Elton John shared a photo of himself with Warne and Hurley, and he referenced the death of Rod Marsh, the Australian cricketer who also died on Friday.

He wrote: “A tragic day for Australian cricket. Two legends passing is heartbreaking. I knew them both and played cricket with Rod in Perth. A very special and fearless man.

“Shane was a magical bowler and such huge fun. They were both Australians through and through, which made them so endearing.

“My sympathies to their families and loved ones.”

Ed Sheeran said he had spoken to Warne on the phone this week to mark the anniversary of the death last year of music mogul Michael Gudinski.

The singer-songwriter shared a photo of Warne and Gudinski together on Instagram and wrote: “The world keeps taking incredible people away.

“I spoke to Shane on the anniversary of Michael’s passing this week saying we were both raising a glass of 707 in his honour, and now this news comes out.

“Shane was the kindest heart, and always went above and beyond to make people feel welcome and special. Such a gentleman.

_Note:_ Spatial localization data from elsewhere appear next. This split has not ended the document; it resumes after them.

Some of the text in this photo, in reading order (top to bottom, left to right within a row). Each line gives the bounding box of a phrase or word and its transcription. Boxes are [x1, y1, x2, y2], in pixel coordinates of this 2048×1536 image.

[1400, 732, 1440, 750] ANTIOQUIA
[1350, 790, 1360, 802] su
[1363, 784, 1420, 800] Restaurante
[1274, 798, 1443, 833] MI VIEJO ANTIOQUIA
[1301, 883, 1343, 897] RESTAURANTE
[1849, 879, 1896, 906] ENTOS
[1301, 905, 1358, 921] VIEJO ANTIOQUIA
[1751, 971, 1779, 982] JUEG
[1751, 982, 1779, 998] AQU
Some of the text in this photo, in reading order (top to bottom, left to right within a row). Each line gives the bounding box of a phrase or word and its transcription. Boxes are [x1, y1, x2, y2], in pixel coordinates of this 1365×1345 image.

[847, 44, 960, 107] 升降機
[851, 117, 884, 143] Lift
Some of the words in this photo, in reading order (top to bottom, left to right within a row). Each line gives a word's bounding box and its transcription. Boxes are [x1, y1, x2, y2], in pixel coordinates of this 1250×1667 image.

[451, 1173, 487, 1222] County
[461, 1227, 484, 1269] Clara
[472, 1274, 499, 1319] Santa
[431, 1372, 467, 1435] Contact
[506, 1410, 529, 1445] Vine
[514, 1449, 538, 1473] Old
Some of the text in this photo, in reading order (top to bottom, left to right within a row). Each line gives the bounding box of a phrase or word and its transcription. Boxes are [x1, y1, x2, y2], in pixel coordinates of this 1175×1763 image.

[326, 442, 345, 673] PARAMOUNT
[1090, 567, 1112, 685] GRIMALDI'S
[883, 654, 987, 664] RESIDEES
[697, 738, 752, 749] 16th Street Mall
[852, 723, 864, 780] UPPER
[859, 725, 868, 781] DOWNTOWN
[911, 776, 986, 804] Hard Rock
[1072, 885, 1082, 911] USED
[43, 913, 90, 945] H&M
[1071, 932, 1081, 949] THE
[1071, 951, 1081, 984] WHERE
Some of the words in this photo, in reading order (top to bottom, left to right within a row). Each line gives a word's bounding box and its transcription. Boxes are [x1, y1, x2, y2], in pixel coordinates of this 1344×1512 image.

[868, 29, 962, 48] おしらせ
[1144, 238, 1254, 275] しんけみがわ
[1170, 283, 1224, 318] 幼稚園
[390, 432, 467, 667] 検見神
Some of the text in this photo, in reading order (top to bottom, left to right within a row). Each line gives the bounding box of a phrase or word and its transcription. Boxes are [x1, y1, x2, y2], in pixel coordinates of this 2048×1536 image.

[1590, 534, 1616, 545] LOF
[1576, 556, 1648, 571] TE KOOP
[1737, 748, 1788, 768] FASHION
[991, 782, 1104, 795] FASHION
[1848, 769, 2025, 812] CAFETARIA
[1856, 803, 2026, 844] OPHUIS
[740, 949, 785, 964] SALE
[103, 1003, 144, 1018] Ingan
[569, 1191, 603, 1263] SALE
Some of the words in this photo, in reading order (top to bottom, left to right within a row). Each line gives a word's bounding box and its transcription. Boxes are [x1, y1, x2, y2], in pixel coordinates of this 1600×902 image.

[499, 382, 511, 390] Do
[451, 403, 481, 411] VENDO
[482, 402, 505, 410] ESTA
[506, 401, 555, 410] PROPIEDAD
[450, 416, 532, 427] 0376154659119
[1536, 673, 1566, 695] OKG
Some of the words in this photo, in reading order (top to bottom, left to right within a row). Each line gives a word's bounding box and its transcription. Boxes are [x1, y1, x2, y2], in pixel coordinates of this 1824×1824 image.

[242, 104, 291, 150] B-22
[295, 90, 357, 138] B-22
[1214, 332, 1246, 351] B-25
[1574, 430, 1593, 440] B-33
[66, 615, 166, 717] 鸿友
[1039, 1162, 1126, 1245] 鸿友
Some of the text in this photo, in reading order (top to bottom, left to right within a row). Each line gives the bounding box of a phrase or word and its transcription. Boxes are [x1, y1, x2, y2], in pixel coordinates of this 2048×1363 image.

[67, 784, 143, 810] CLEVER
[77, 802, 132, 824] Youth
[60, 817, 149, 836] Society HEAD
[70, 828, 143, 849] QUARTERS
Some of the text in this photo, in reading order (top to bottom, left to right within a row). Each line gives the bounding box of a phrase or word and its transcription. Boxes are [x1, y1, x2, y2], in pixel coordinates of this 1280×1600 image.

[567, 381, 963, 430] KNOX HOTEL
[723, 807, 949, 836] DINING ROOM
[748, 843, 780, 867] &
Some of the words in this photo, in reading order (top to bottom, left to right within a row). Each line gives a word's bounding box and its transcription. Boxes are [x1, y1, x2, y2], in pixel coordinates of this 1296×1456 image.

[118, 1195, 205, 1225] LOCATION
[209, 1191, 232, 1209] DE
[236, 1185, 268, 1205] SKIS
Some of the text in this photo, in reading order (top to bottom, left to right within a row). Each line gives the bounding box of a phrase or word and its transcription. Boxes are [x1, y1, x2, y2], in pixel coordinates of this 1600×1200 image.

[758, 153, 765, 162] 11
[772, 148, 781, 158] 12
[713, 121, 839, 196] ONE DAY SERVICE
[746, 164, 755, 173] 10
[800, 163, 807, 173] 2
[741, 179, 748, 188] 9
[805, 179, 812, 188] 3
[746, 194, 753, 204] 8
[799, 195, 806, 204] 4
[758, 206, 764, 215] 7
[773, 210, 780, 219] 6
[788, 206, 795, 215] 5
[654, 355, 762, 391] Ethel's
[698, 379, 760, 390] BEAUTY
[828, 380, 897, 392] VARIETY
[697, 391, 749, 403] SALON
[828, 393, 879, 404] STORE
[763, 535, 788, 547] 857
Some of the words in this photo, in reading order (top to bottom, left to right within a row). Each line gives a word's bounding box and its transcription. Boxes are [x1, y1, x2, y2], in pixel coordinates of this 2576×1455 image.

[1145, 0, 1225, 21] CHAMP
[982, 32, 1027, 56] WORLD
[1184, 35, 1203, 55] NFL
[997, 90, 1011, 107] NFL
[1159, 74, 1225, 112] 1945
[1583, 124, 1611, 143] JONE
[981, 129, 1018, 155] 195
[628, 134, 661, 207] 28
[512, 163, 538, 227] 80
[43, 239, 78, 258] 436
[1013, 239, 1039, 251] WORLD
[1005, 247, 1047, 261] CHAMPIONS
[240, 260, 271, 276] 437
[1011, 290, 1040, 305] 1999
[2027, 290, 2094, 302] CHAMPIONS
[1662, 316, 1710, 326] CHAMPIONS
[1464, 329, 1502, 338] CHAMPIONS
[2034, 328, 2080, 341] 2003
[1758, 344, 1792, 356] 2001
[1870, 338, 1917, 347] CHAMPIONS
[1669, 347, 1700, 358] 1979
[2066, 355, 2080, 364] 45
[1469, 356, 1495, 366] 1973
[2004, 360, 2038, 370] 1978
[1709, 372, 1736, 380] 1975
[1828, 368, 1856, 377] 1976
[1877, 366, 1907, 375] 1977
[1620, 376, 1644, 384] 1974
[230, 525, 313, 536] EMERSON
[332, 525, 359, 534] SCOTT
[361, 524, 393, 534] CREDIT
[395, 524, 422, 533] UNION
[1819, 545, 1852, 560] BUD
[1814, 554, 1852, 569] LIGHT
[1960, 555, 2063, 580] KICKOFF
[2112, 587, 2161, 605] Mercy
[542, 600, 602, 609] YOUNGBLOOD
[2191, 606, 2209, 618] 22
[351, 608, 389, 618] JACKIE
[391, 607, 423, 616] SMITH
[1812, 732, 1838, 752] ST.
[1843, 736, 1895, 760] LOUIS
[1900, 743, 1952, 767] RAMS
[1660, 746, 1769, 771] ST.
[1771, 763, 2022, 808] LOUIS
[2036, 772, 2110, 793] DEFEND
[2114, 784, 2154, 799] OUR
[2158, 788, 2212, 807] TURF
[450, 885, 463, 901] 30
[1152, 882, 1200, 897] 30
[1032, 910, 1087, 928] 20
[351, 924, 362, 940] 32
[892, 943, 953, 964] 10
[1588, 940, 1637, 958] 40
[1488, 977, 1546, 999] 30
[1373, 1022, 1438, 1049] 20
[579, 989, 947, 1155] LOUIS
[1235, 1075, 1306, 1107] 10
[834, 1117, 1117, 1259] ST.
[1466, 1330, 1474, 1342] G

“He gave so many hours and years of his life to bring joy to others, and was such an amazing friend to me. Il bloody miss you mate. Absolutely gutted.”

Rolling Stones frontman Mick Jagger shared a black and white photo of Warne on Twitter while recalling his cricketing talent.

He wrote: “I’m so saddened by the sudden death of Shane Warne. He brought such joy to the game and was the greatest spin bowler ever.”

Australian pop star Kylie Minogue also paid her respects, writing: “Vale Warney. Condolences to his family, friends and fans. The one and only King of Spin, #ShaneWarne.”

Her sister and fellow pop star Dannii tweeted: “I am devastated to wake up to the news that Shane Warne has passed. My heart breaks for his family and friends.

“He was such a light and energy in the room. He was always lovely to my whole family.”

Martin Pakula, sports minister of Warne's home state Victoria, said the Great Southern Stand at the Melbourne Cricket Ground (MCG), where the spinner took his 700th wicket in 2006, would be renamed the SK Warne Stand. The new moniker references the cricketer's first and middle name, Keith.

A sombre stream of people laid flowers, cricket balls and beer bottles at the foot of the statue showing Warne in full flight as a bowler.

"I came to pay my respects for a guy who just loved sport, who loved all sports, football, cricket," said professional Australian rules football player Tom Mitchell as he left a football.

Warne’s last Tweet was a tribute to Marsh, who died earlier on Friday at the age of 74.

Australia’s men’s and women’s teams wore black armbands in Warne’s honour when playing matches in Pakistan and New Zealand respectively on Saturday.

Credited with reviving the art of leg spin, Warne made his Test debut in 1992 against India, kicking off a 15-year international career.

Warne was rated as one of the five greatest players of the 20th century by Wisden but his hard living often made tabloid headlines as well.